La pathologie de l'entre-soi
De très bonnes affaires " pour une très bonne formule ", réagit Anna, locataire d'un " nid d'amour " de 110 m2 au Newton, à Carquefou, banlieue résidentielle de Nantes. Attachée de presse indépendante, cette mère célibataire ne déparerait pas dans une pub à la gloire de Monné-Decroix. Ni riche ni pauvre, elle " se ressource " dès le portail vert Wimbledon du Newton franchi. " J'ai divorcé, je suis mon propre patron, rien ne va de soi : économiquement, il faut que je m'accroche. Ici, pour 850 € par mois, j'ai l'impression de vivre dans un écrin, détaille-t-elle. Quand je rentre du travail, même tard, j'apprécie de ne pas devoir presser le pas en sortant de ma voiture : de ce point de vue, les caméras ont du bon. Je peux aussi laisser mes deux petites seules sans paniquer. La configuration des lieux et les systèmes de vigilance valent toutes les baby-sitters. Mais ce qui dissipe vraiment mes inquiétudes, c'est que nous sommes entre gens du même milieu, qui avons sensiblement la même éducation, les mêmes revenus et envoyons nos enfants dans les mêmes écoles. " Propriétaire d'une coquette tanière cantonnée dans une villa édifiée par le groupe Windsor Immobilier, à Soisy-sous-Montmorency dans le Val-d'Oise, Marc, fonctionnaire au ministère de la Culture, se sent " en phase " avec son voisinage. " Personne ici n'est né avec une cuillère en argent dans la bouche ", signale ce quadragénaire. Marié à une enseignante, il a déboursé 330 000 € pour acquérir en 2005 un pavillon de 160 m2 aujourd'hui estimé à 500 000 e. " Mon père était ouvrier, ma mère, femme de ménage et j'ai découvert les joies de la salle de bains à l'âge de 10 ans : avant, c'était le cul dans la bassine et bonjour, reprend-il. Ici, nous sommes tous liés par des parcours méritants et par le désir légitime de préserver nos acquis. Pour nous, la résidence fermée s'inscrit dans un processus d'ascension sociale. " Eloquents témoignages. Entamés au " je " achevés au " nous ", ils révèlent une soif d'appartenance au cercle des cohabitants. L'urbaniste Eric Charmes détecte là une " pathologie de l'entre-soi " : " Ces ensembles, développe-t-il, obéissent à une logique de clubs résidentiels, dont les gentils membres s'assemblent parce qu'ils se ressemblent. " Dans ces espaces calfeutrés et socialement écrémés, " l'effet miroir fonctionne à plein, ajoute Fanny Vuaillat, chercheuse à l'Institut de géographie et d'aménagement de Nantes. Si mon entourage est respectable, je le suis aussi. "

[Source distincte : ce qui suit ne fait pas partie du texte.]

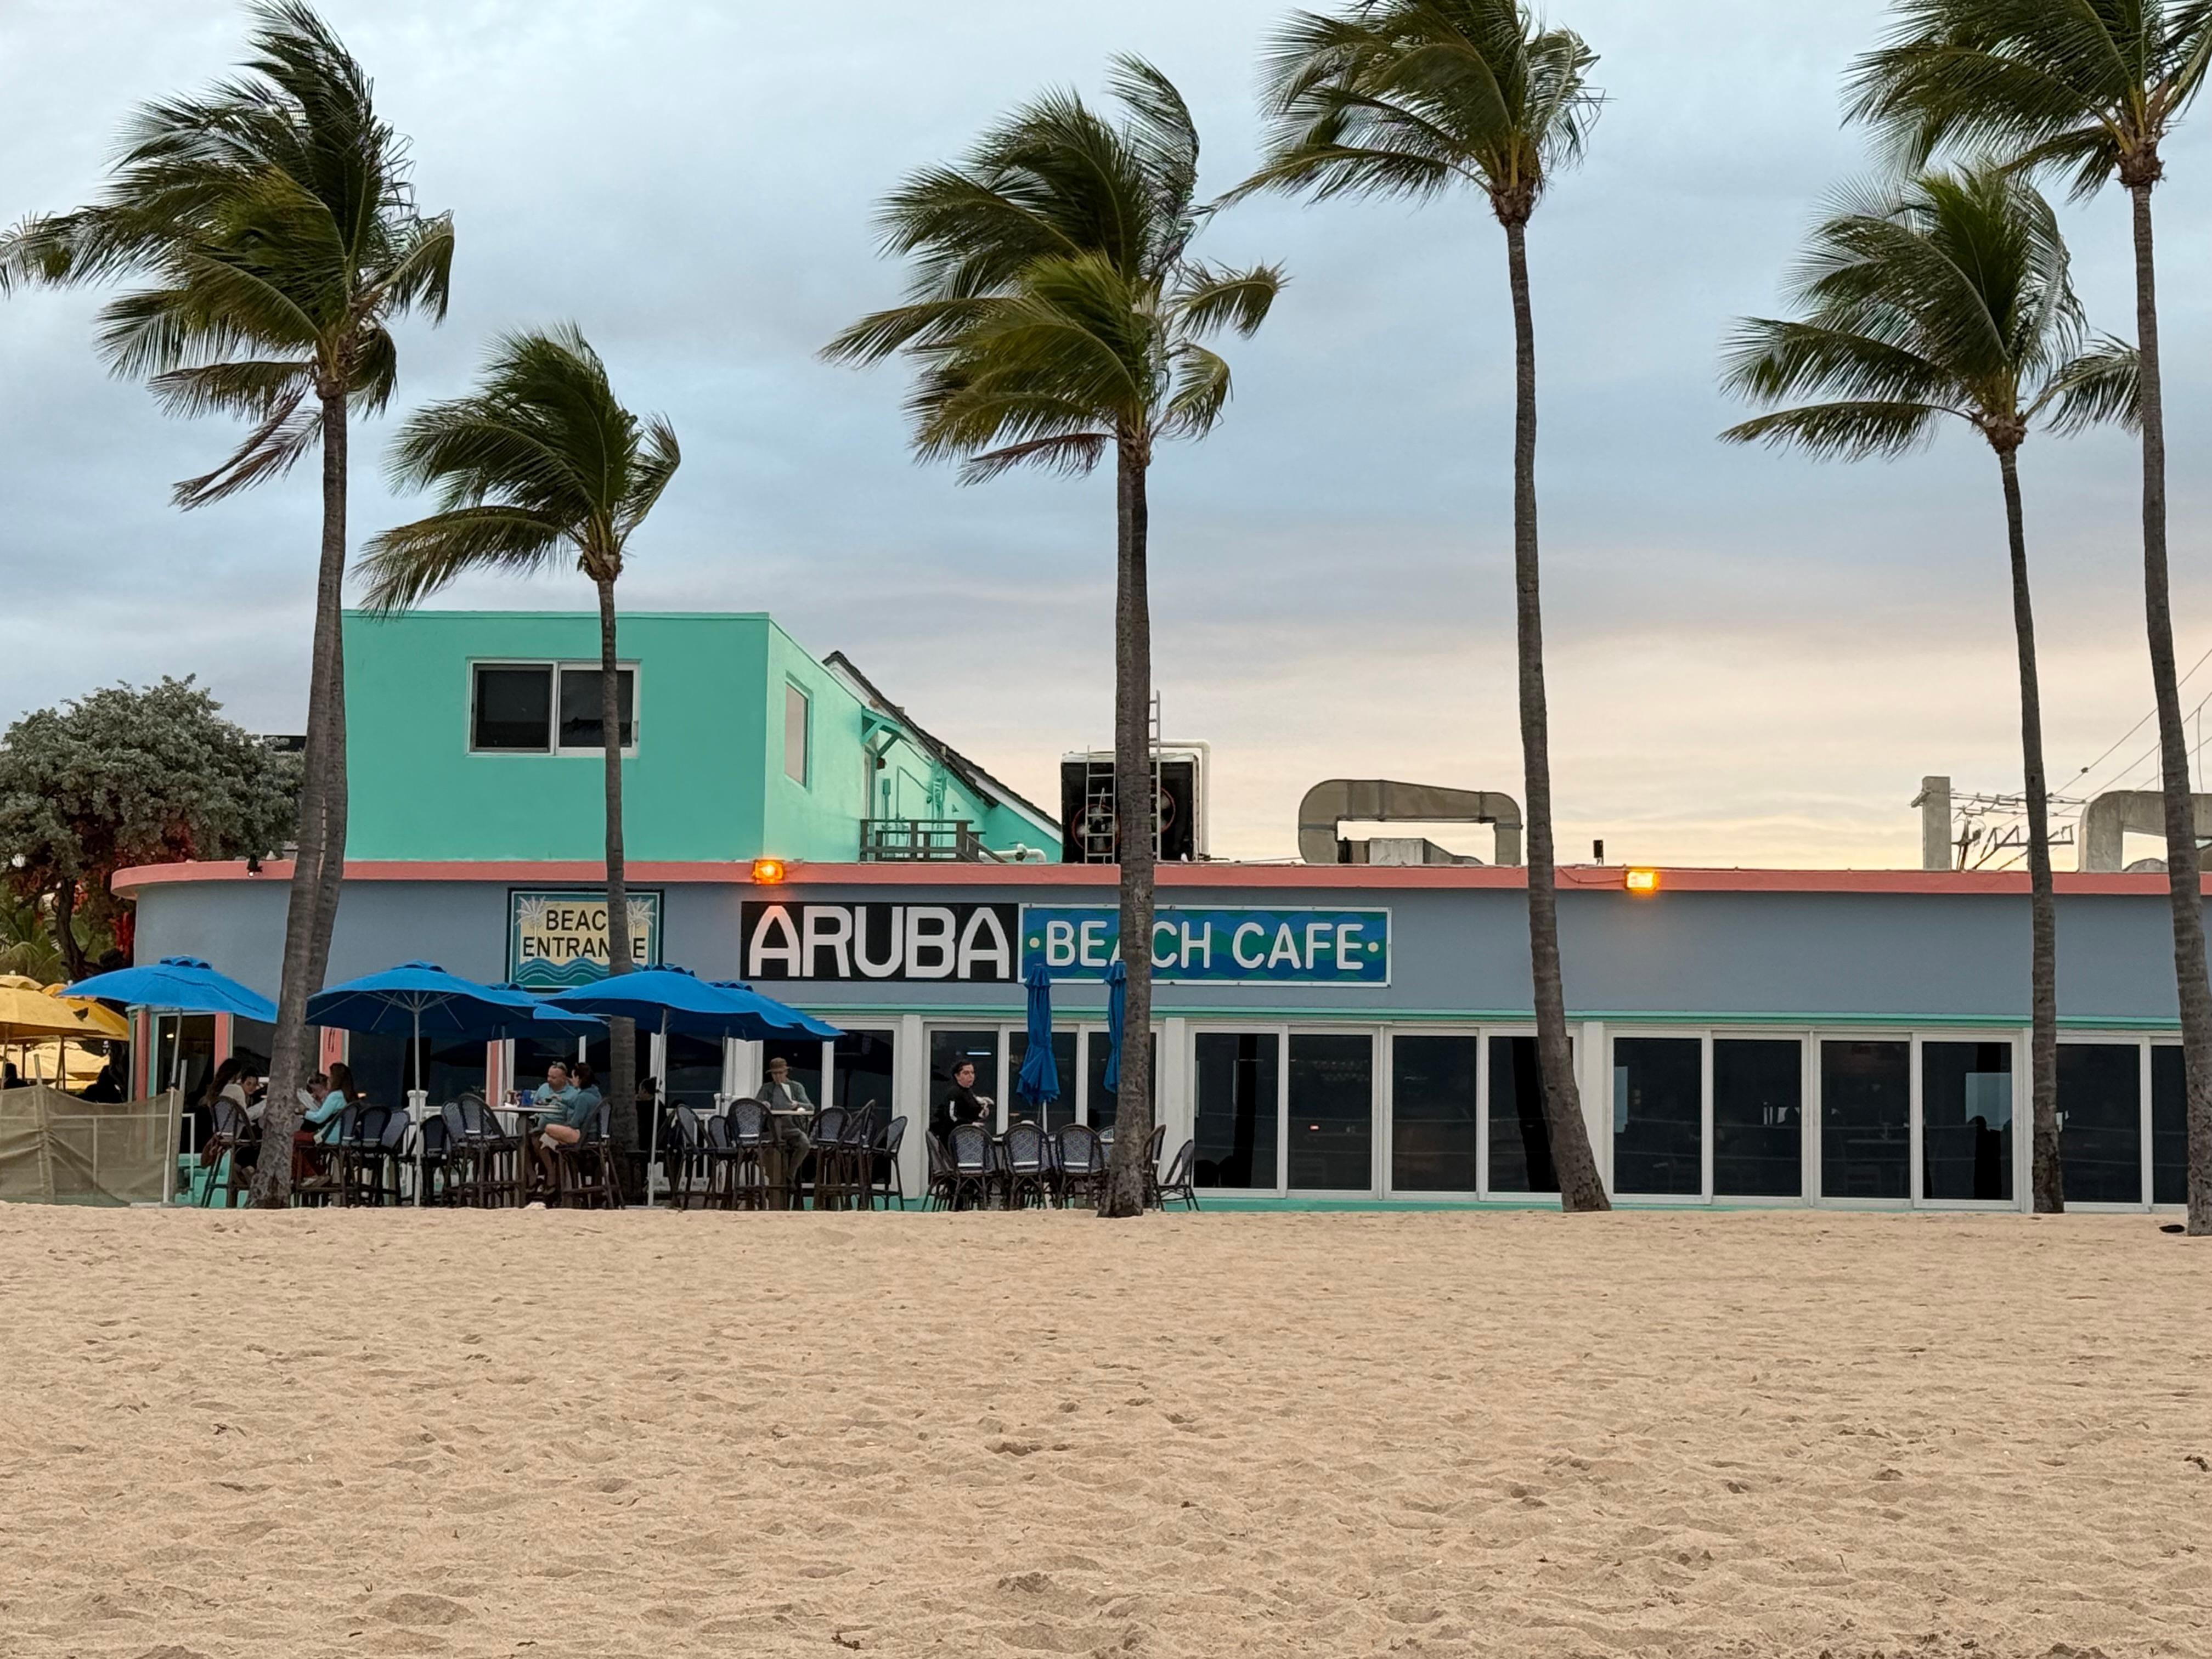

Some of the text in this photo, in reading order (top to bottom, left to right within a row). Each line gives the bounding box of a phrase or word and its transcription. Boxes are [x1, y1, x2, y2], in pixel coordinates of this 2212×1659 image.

Fille d'un chef d'entreprise un peu nomade, Anna a grandi dans le confort " qui sied aux expatriés ", selon son expression. " De cette jeunesse privilégiée, j'ai gardé une volonté peut-être inconsciente de différenciation ", confesse-t-elle comme pour s'excuser d'avoir davantage le goût des murs que celui des autres. Récemment installée au Sporting Place, enclos vidéosurveillé et gardienné sur les hauteurs de Castres, dans le Tarn, Hélène n'élude pas son embarras : " Sur le papier, je suis favorable à la mixité, j'approuve les intentions de la loi SRU [solidarité et renouvellement urbain, qui depuis 2000 impose aux communes un quota de 20 % de logements sociaux]. Mais, dans le quartier populaire que je viens de quitter, la concentration de précaires et de chômeurs me tirait vers le bas. Les établissements scolaires tutoyaient le niveau zéro, la petite délinquance pourrissait le quotidien. " Pour " l'avenir de [sa] fille ", qu'elle élève seule, cette infirmière a " privilégié la sécurité à la diversité " : " Ce qui est tragique, c'est précisément qu'il faille choisir. Aujourd'hui, l'éducation et la protection s'achètent à coups de charges, qu'elles soient locatives ou de copropriété : ce n'est pas ma conception de la République mais voilà... "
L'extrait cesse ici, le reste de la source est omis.